Base security conducted a search of Morgan's person and vehicle and uncovered a semi-automatic pistol. (10) Morgan was detained and charged." A municipal court later found that no probable cause existed to conduct a search or bring charges against Morgan; all state charges were then dropped. (12)

Morgan filed a complaint in federal court, stating that, among other claims, the security officers at the gate had violated his rights under the Fourth Amendment when they conducted a search of his person and vehicle without probable cause. (13) The district court dismissed all claims with prejudice, and Morgan appealed the dismissal to the Ninth Circuit. (14)

The Court agreed that the security guards lacked probable cause to conduct the search but found that probable cause was not necessary. (15) The Court held that a person may impliedly consent to a search by presenting himself at a military gate, and then remanded the case to the district court, to determine whether Morgan had impliedly consented to the search. (16) By his act of driving up to the secured entrance of Edwards Air Force Base, Morgan might have given his implicit consent to a search. This implicit consent would have made the search reasonable whether or not Morgan actually knew a search was imminent. The Ninth Circuit decision in Morgan v. United States ignored Morgan's explicit refusal of consent, suggesting that it was reasonable that once Morgan was within the grasp of base personnel, he could not reasonably expect to leave without their permission.
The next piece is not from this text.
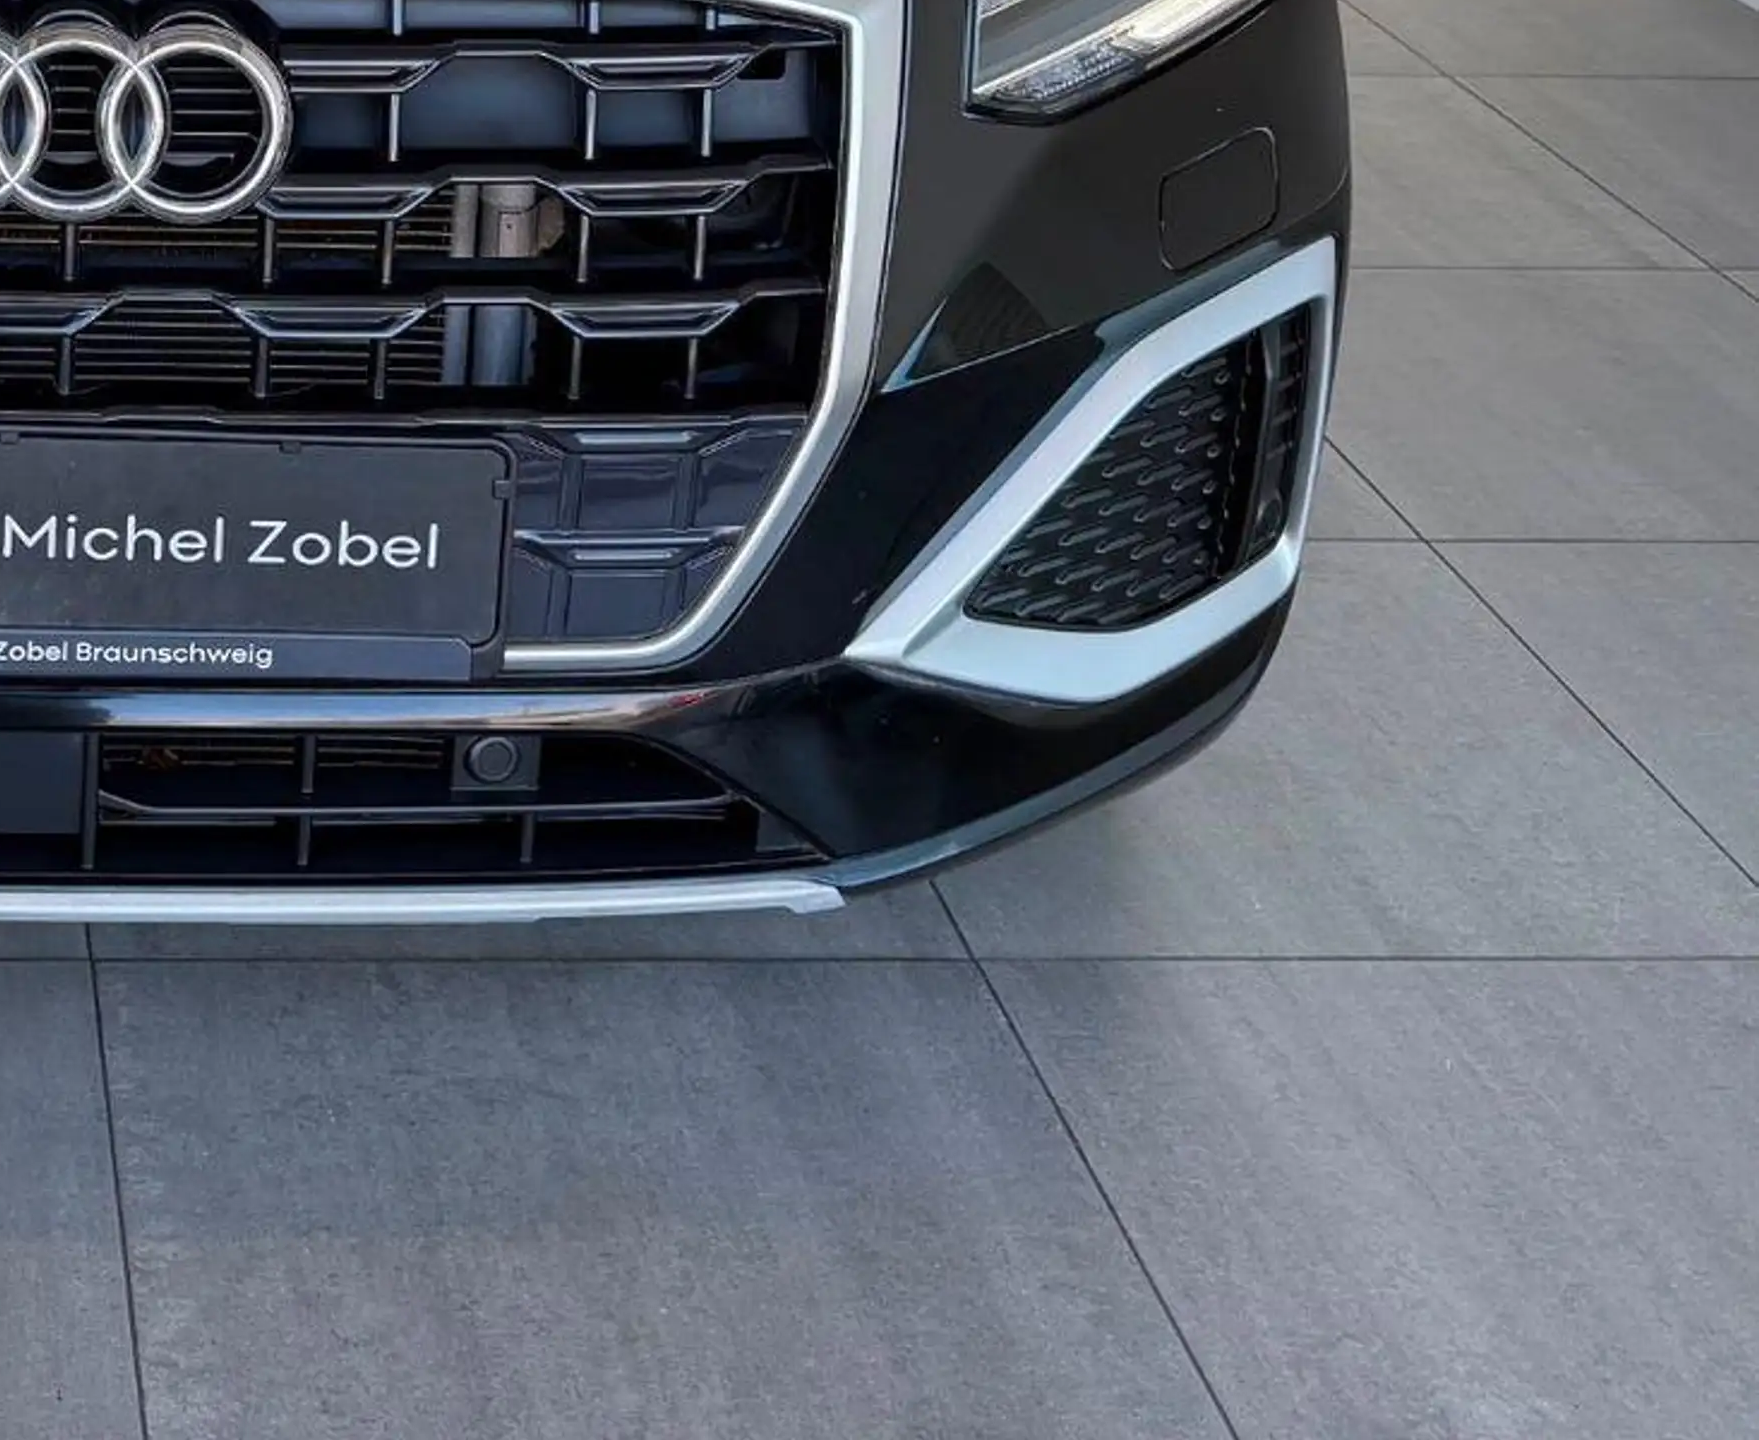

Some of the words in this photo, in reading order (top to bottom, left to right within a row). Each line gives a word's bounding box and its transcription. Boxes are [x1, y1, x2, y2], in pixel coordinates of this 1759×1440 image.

[2, 514, 225, 563] Michel
[247, 520, 439, 569] Zobel
[76, 641, 274, 670] Braunschweig
Morgan and similar cases expose the consent search doctrine's drift from a foundation based on actual consent by the searched party to focusing on the needs of law enforcement. This drift has made "consent search" a misnomer--law enforcement officials can conduct a search under the auspices of the consent search when clearly no consent has been granted. The consent search doctrine is applied in situations where the suspect has not provided consent, does not have the opportunity to correct erroneously given "consent," and it is apparent that consent has never been given. When the doctrine is applied in this fashion, it inadvertently empowers law enforcement agents to engage in potentially invasive and discriminatory practices.

This Note discusses the implications of an irrevocable implied consent search doctrine. Part I discusses the constitutional underpinnings of the consent search doctrine, how it compares to other exceptions to the Fourth Amendment, and why it is a popular doctrine among law enforcement agents. Part II discusses instances where implied consent can serve as permissible grounds for a search. Part III discusses the importance of withdrawal to the consent search doctrine. Part IV discusses the implications of an irrevocable, implied consent search doctrine. Part V discusses viable alternatives to irrevocable, implied consent.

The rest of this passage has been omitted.